Tu aimes trop la littérature, elle te tuera et tu ne tueras pas la bêtise humaine. Pauvre chère bêtise, que je ne hais pas, moi, et que je regarde avec des yeux maternels, car c'est une enfance, et toute enfance est sacrée. Quelle haine tu lui as vouée, quelle guerre tu lui fais ! Tu as trop de savoir et d'intelligence, mon Cruchard, tu oublies qu'il y a quelque chose au-dessus de l'art, à savoir la sagesse, dont l'art à son apogée, n'est jamais que l'expression. La sagesse comprend tout, le beau, le vrai, le bien, l'enthousiasme par conséquent. Elle nous apprend à voir hors de nous quelque chose de plus élevé que ce qui est en nous, et à nous de l'assimiler peu à peu par la contemplation et l'admiration.

Mais je ne réussirais pas à te changer, je ne réussirais même pas à te faire comprendre comment j'envisage et saisis le bonheur, c'est-à-dire l'acceptation de la vie, quelle qu'elle soit ! Il y a une personne qui pourrait te modifier et te sauver, c'est le père Hugo, car il a un côté par lequel il est grand philosophe, tout en étant le grand artiste qu'il te faut et que je ne suis pas. Il faut le voir souvent. Je crois qu'il te calmera : moi, je n'ai plus assez d'orage en moi pour que tu me comprennes. Lui je crois qu'il a gardé sa foudre et qu'il a tout de même acquis la douceur et la mansuétude de la vieillesse.

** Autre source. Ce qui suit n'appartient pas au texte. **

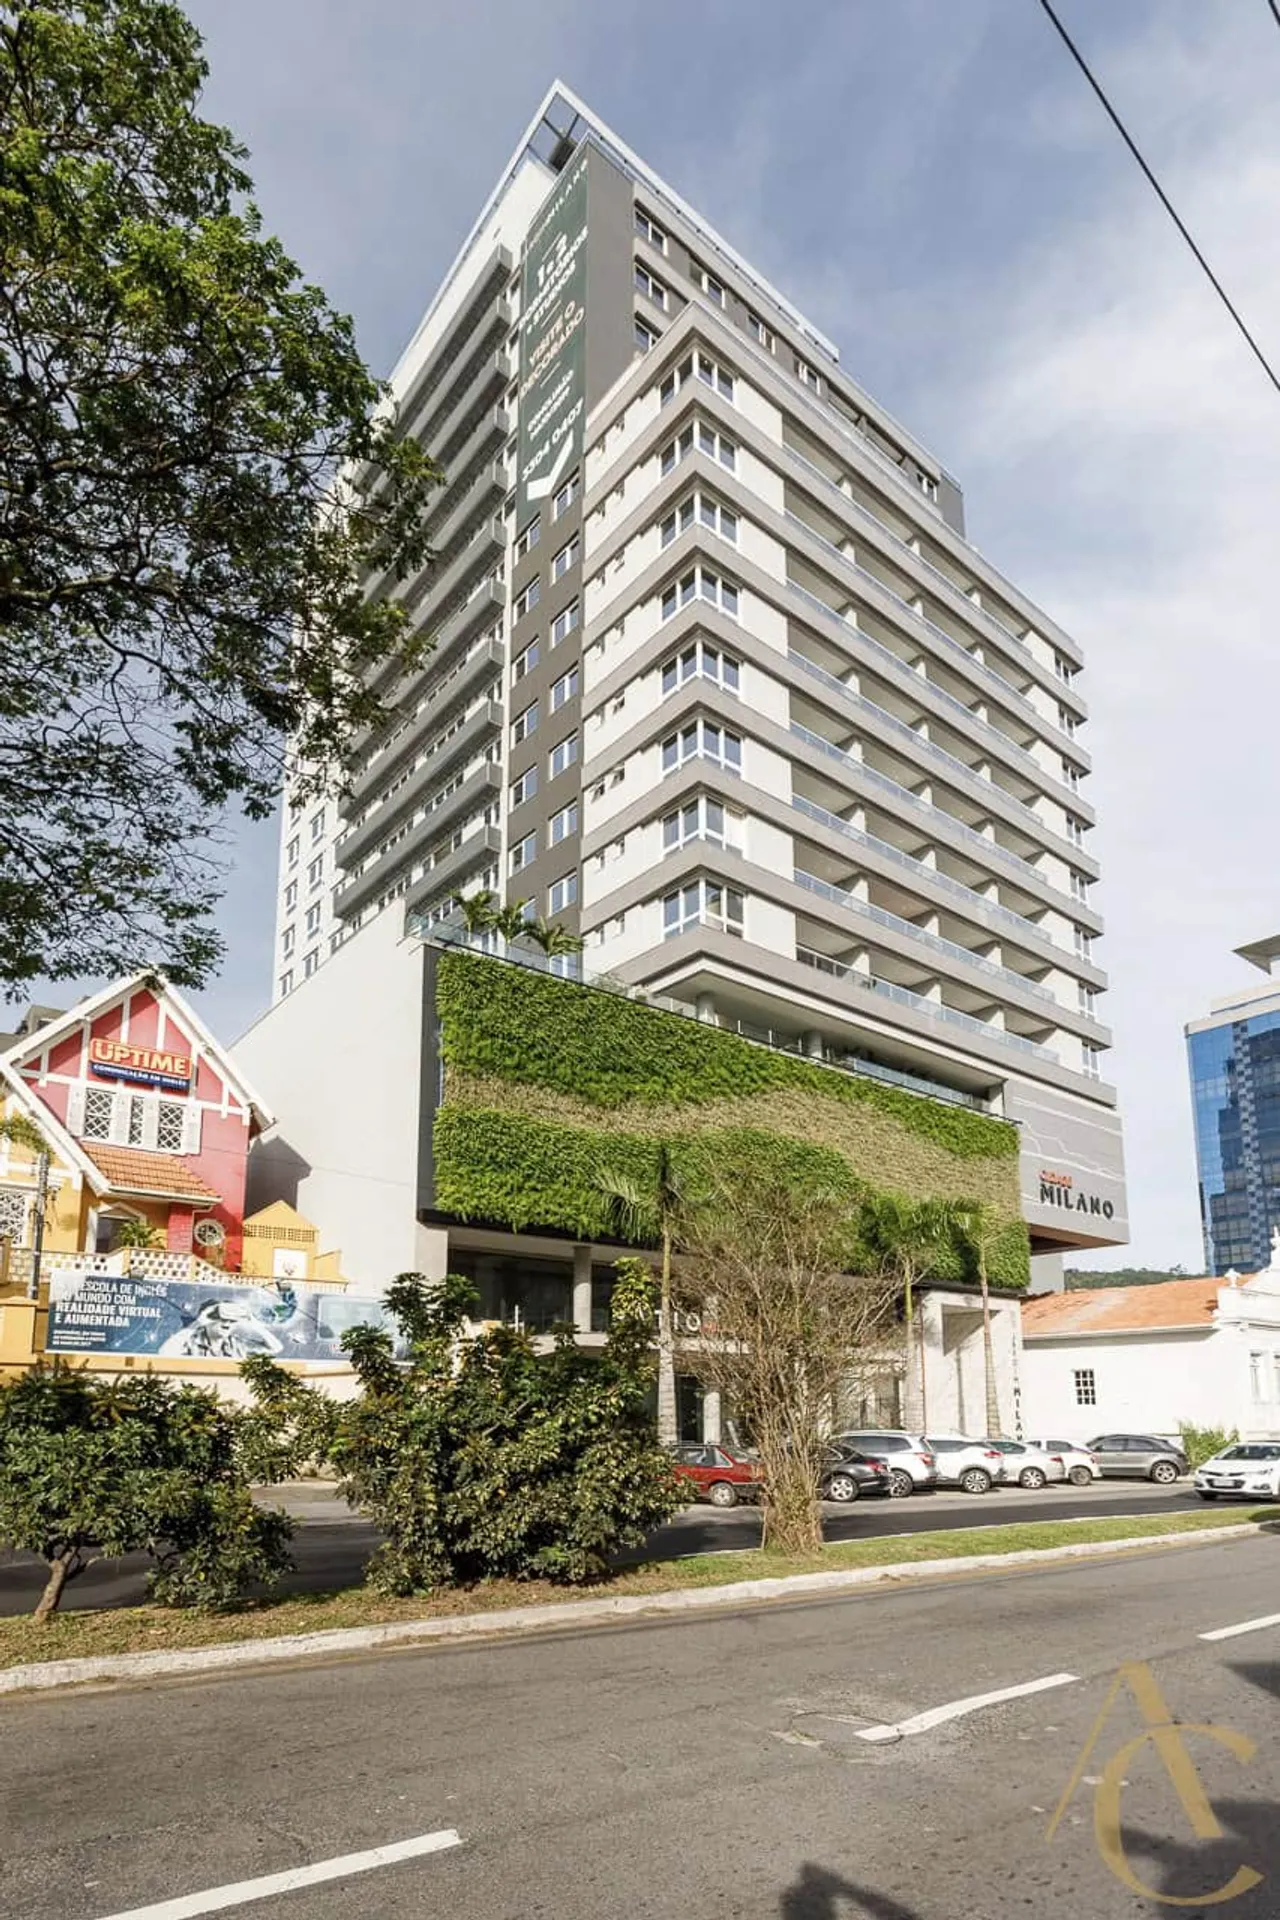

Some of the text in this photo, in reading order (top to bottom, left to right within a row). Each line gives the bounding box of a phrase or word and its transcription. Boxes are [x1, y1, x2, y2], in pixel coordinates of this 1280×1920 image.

Vois-le, vois-le souvent et conte lui tes peines, qui sont grosses, je le vois bien, et qui tournent trop au spleen. Tu penses trop aux morts, tu les crois trop arrivés au repos. Ils n'en ont point. Il sont comme nous, ils cherchent. Ils travaillent à chercher.

Tout mon monde va bien et t'embrasse. Moi, je ne guéris pas, mais j'espère, guerre ou non, marcher encore pour élever mes petites-filles, et pour t'aimer, tant qu'il me restera un souffle."